The U.S. Department of Housing and Urban Development (HUD) published guidelines in April, 2016, for the proper consideration of applicants’ criminal records when considering them for housing. HUD notes that because a disproportionate amount of people with criminal records are minorities, a blanket policy of refusing to rent to anyone with a criminal history may violate the Fair Housing Act.
Much like the 1991 HUD memorandum regarding occupancy standards (the “Keating Memo”) this new document provides general guidance for how to consider whether a housing policy violates federal law. The memo is not law in itself, but it interprets how the law may apply to certain situations. As with any new guideline, the legal ramifications will develop on a case-by-case basis as matters are heard in court and the guidance is considered.
According to the new guidelines, turning down tenants solely based on their criminal history may violate the Fair Housing Act. While the Act does not list people with criminal records as a protected class, HUD notes that minorities have disproportionately high rate of arrests and convictions. For this reason, while in some cases a landlord may refuse to rent to a party with a criminal record, the policy should not be applied automatically without further consideration.
Tenants with criminal records guidelines
The guidelines note that there is a difference between an arrest and a conviction. An arrest may occur if a police officer forms the belief that someone needs to be detained for their own safety, for the safety of others, or for the investigation of a crime. A conviction may occur only after a party has been formally charged with a crime and had an opportunity to defend himself or herself in a court of law. A judge or a jury must determine that it is beyond a reasonable doubt that the individual committed the crime. Both arrests and convictions may appear on a criminal history.
HUD takes the position that a policy of excluding individuals because of a prior arrest without a conviction is discriminatory. Quoting the U.S. Supreme Court, HUD states, “[t]he mere fact that a man has been arrested has very little, if any, probative value in showing that he has engaged in any misconduct.” In other words, an arrest is not, by itself, proof of a crime. A housing provider who categorically denies housing to a person because of an arrest on their record violates the Fair Housing Act.
Convictions, on the other hand, are different. HUD states in the memo, “In most instances, a record of conviction (as opposed to an arrest) will serve as sufficient evidence to prove that an individual engaged in criminal conduct.” Even so, a blanket policy of excluding all people with a criminal conviction probably violates the Fair Housing Act. The landlord with a policy of excluding applicants with a criminal history must be able to point to a “substantial, legitimate, nondiscriminatory interest” served by the policy. The landlord must also be able to prove that the policy achieves those goals. A housing policy must take into consideration the nature and severity of the crime, and the amount of time that has passed since the criminal conduct occurred
Whether the discrimination is accidental or intentional, during screening or just at the inquiry stage, the landlord or property manager is still at risk of a discrimination lawsuit.
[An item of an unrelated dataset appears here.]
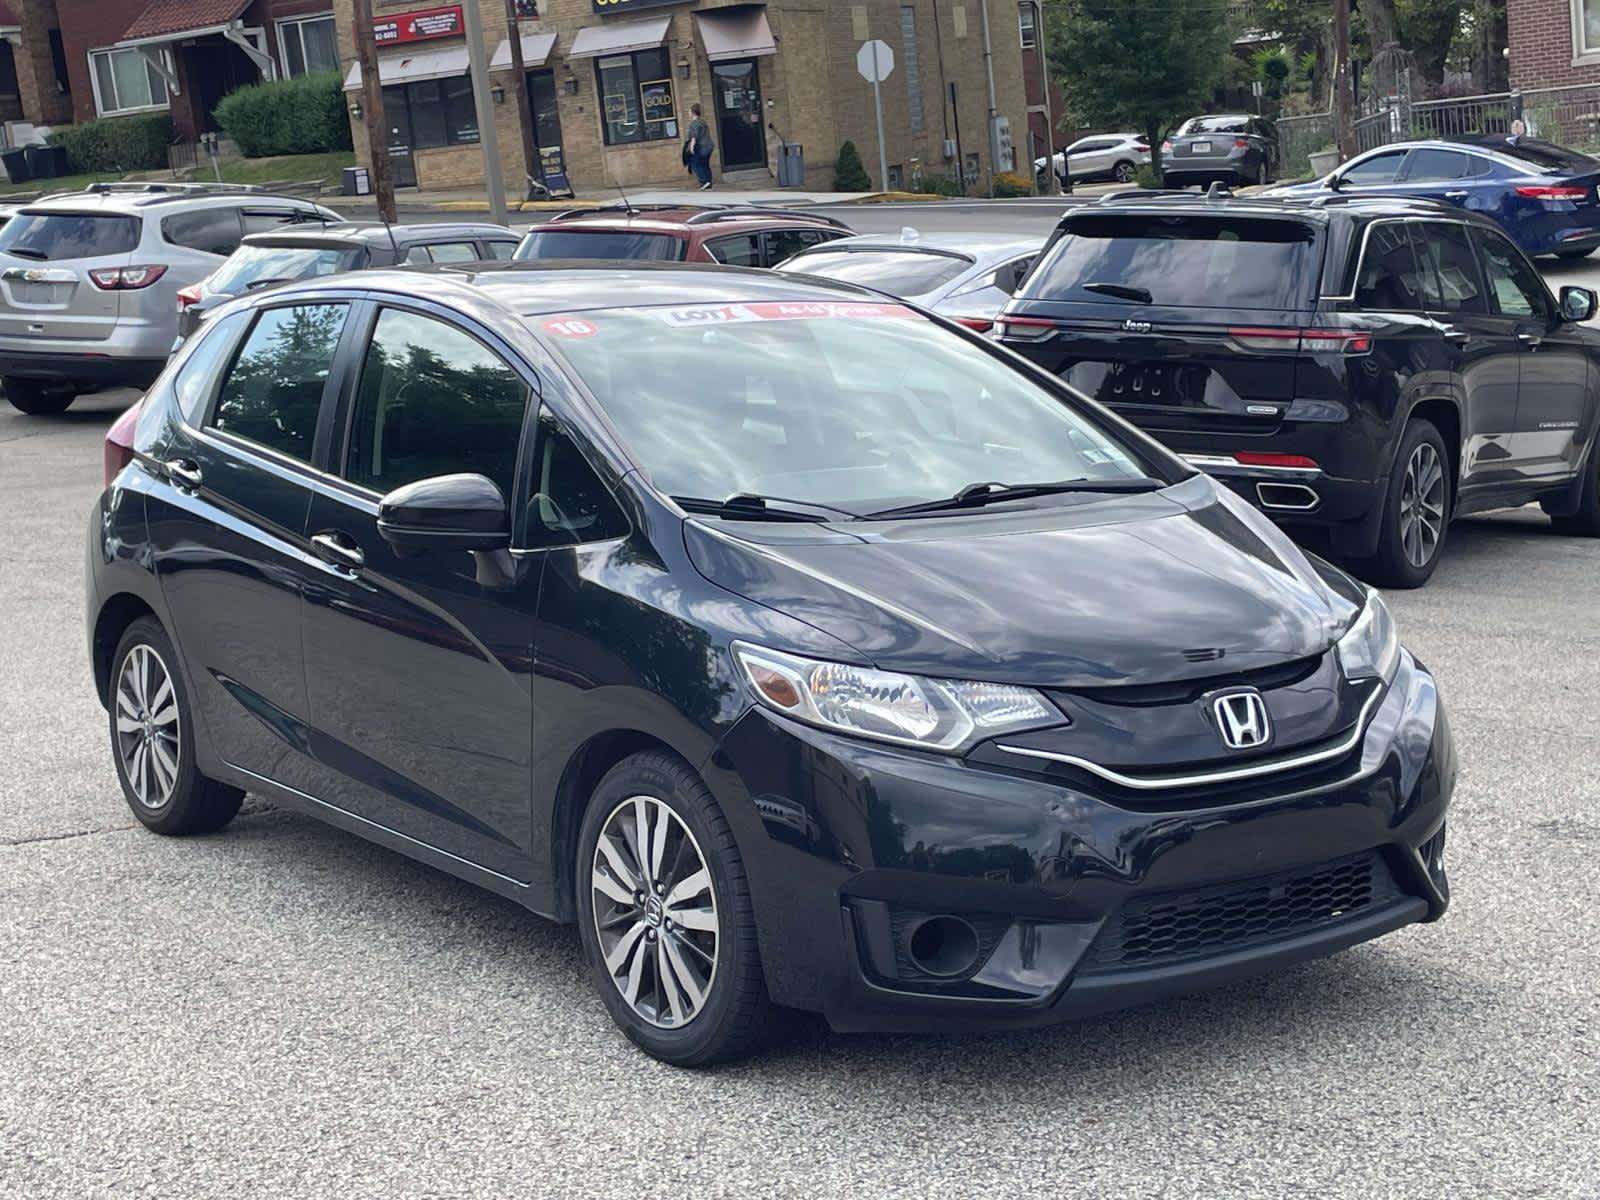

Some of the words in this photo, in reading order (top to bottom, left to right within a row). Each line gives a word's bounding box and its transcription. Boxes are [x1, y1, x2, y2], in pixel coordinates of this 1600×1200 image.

[646, 95, 671, 107] GOLD
[551, 320, 592, 335] 16
[1122, 319, 1151, 333] Jeep
The best practices are:
- Do not impose blanket bans on renting to those with criminal history or arrest records.
- If there is evidence of a conviction, consider the nature and severity of the crime and how long ago the criminal conduct took place.
- Ensure everyone who interacts with applicants is trained well on current Fair Housing policies.
- Keep screening policies pertaining to arrest records and criminal history specifically related to safety of persons and property. The policy must distinguish between criminal conduct that indicates a demonstrable risk to resident safety and property and criminal conduct that does not.
- Obtain and use a standard screening policy in compliance with Fair Housing and HUD regulations, and apply it equally to anyone who applies. You may want to consult an attorney or housing specialist to develop a rental criteria relating to criminal conduct.
Keep in mind that HUD has not stated that criminals are a protected class. HUD recognizes that housing providers have an interest in providing safe housing to all their tenants. These new guidelines do not require landlords to rent to convicted felons, but do require landlords to examine the criminal history (if any) of its applicants with more care than before. Naturally, there will be applicants who refuse to provide details about their criminal history or provide inaccurate information revealed by a screening company. An incomplete or inaccurate application may be denied.
Following best practices will save you thousands of dollars in litigation and court costs, so it is well worth the effort. If in doubt about a policy, contact your legal resource for help dealing with tricky questions related to this new HUD guidance and the Fair Housing Act.
Evan L. Loeffler is the principal attorney at the Loeffler Law Group PLLC in Seattle, Washington. His firm’s practice emphasizes landlord-tenant relations.